Provided data >>
■ ■ ■ ■ ■ ■ ■

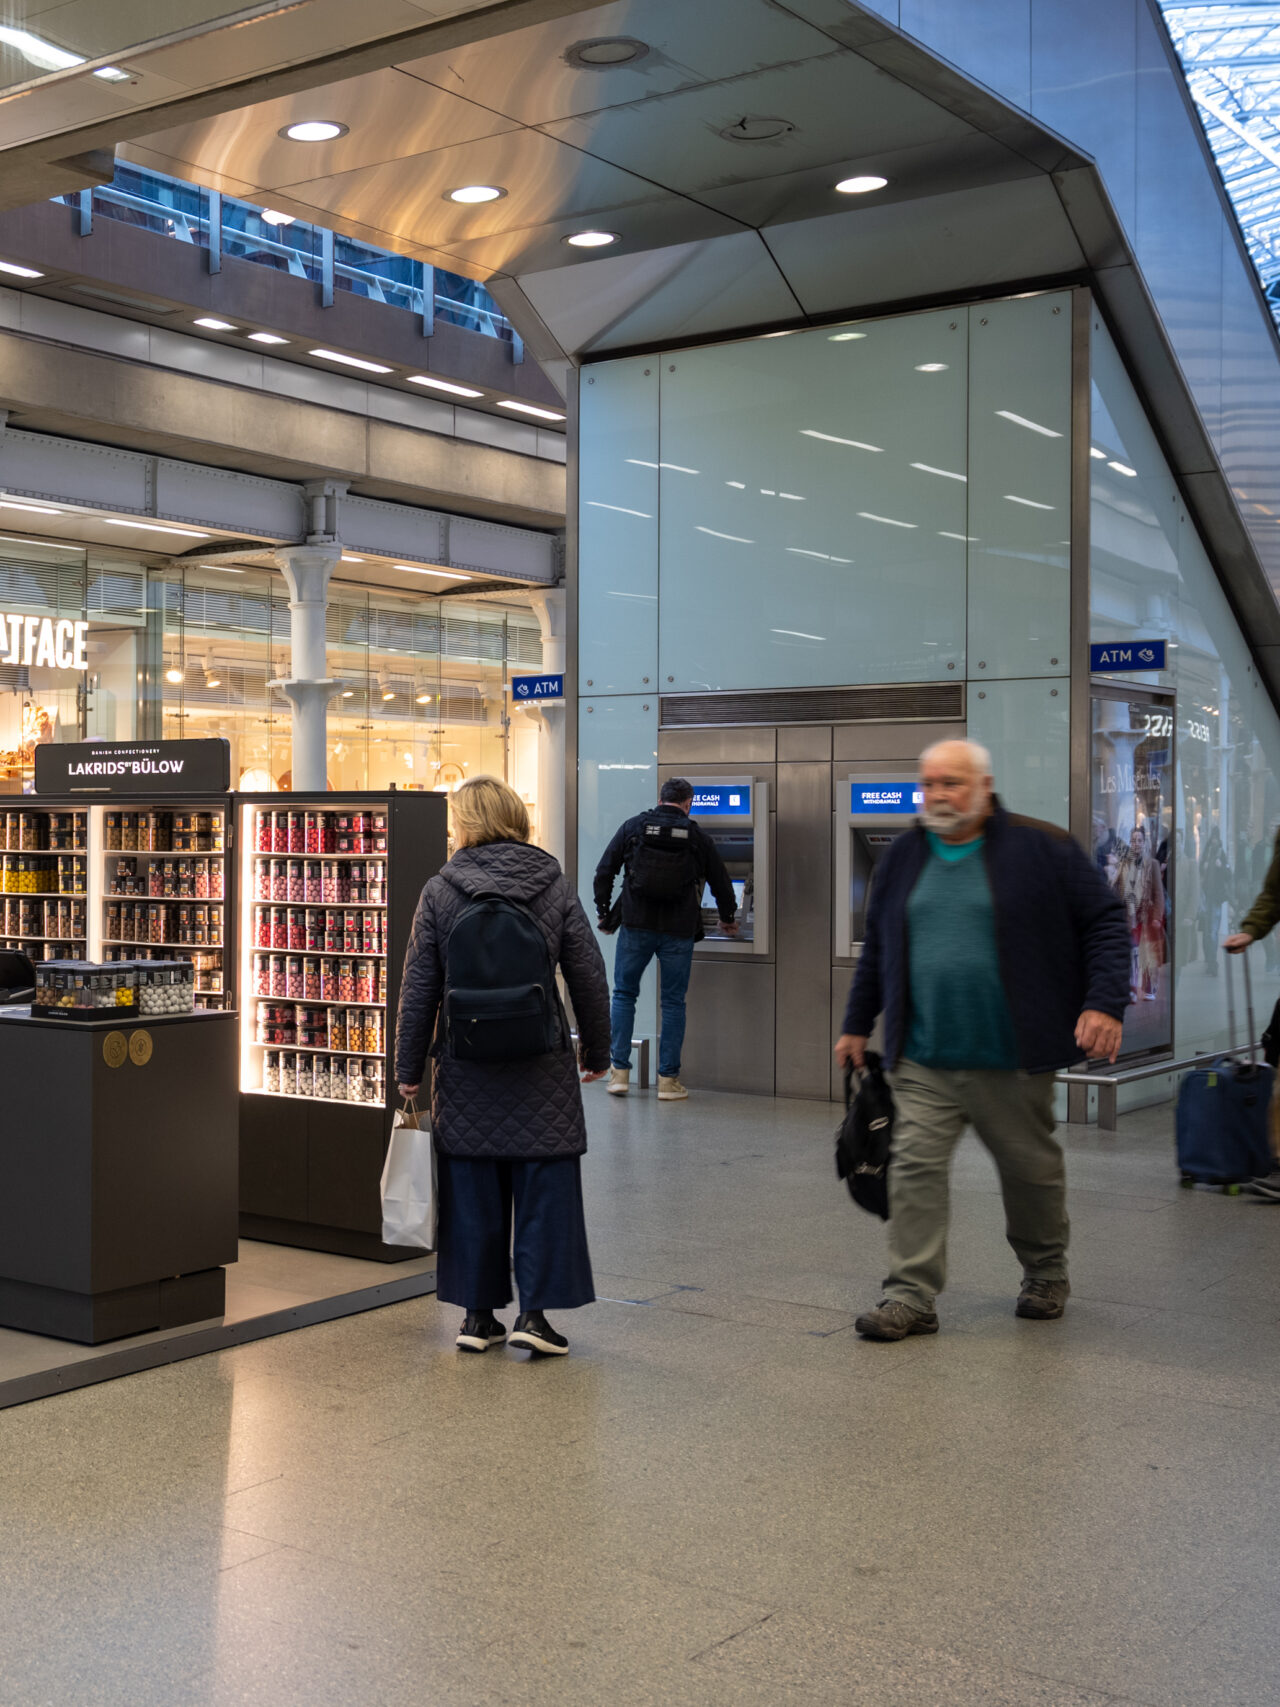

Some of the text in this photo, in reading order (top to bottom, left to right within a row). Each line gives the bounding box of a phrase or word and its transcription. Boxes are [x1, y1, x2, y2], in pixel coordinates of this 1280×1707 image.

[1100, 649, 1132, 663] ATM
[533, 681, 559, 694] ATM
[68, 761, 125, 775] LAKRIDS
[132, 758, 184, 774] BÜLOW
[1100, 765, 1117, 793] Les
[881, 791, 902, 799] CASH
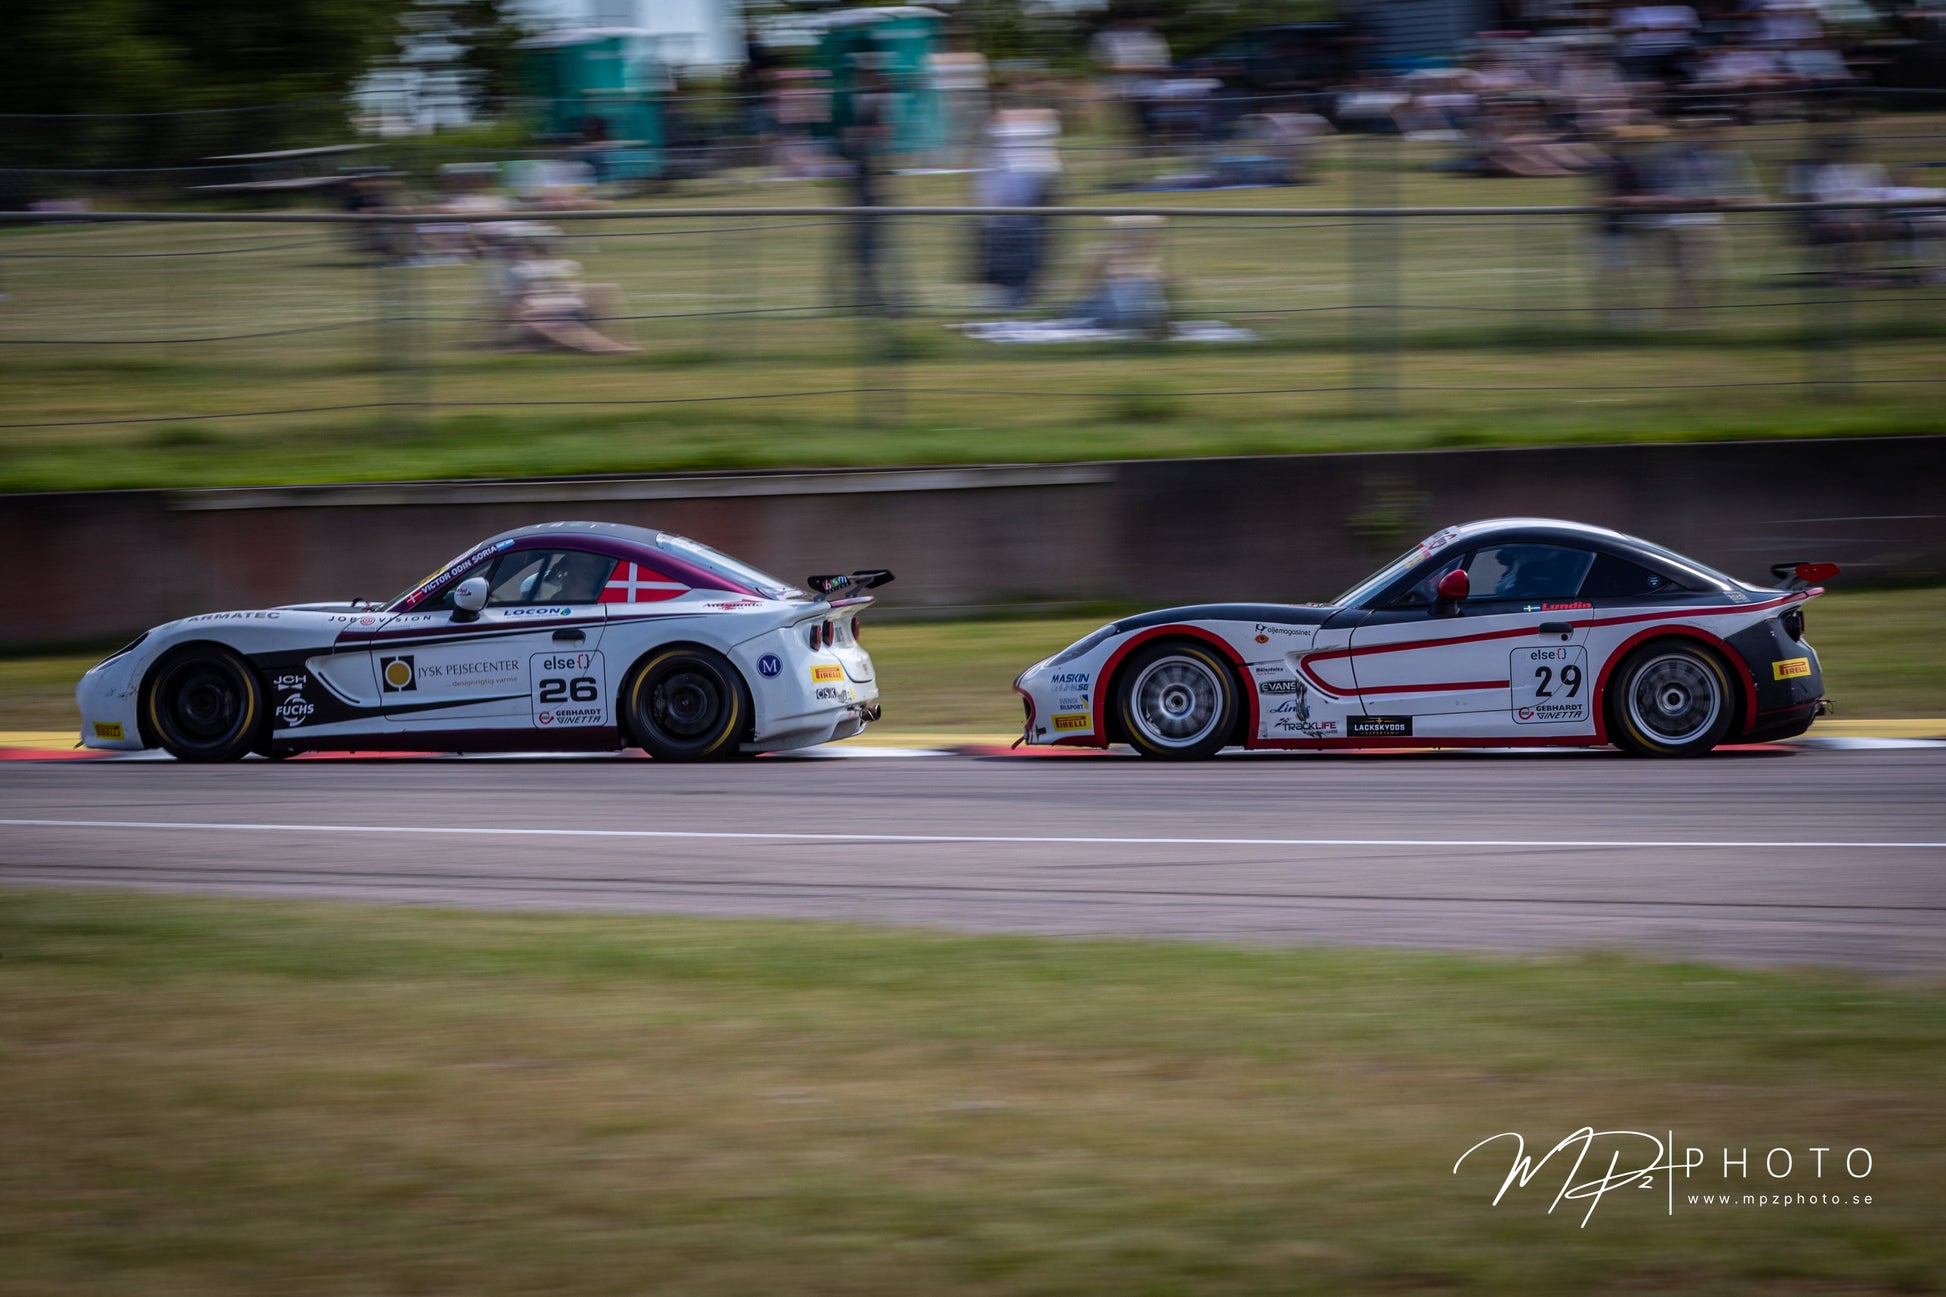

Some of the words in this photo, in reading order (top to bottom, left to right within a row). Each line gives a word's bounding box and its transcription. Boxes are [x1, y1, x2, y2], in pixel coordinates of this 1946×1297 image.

■ ■ ■ ■ ■ ■ ■

Please give back all the records above word for word, with no pictures included.

Some of the text in this photo, in reading order (top to bottom, left to right within a row). Each line gives the bounding box of a phrase or word and its transcription. Boxes are [x1, y1, x2, y2], in pixel coordinates of this 1280×1707 image.

[1100, 649, 1132, 663] ATM
[533, 681, 559, 694] ATM
[68, 761, 125, 775] LAKRIDS
[132, 758, 184, 774] BÜLOW
[1100, 765, 1117, 793] Les
[881, 791, 902, 799] CASH

Some of the words in this photo, in reading order (top to bottom, left to right within a row). Each line gives a word's bounding box and its transcription. Boxes are [x1, y1, x2, y2], in pixel coordinates of this 1946×1297 image.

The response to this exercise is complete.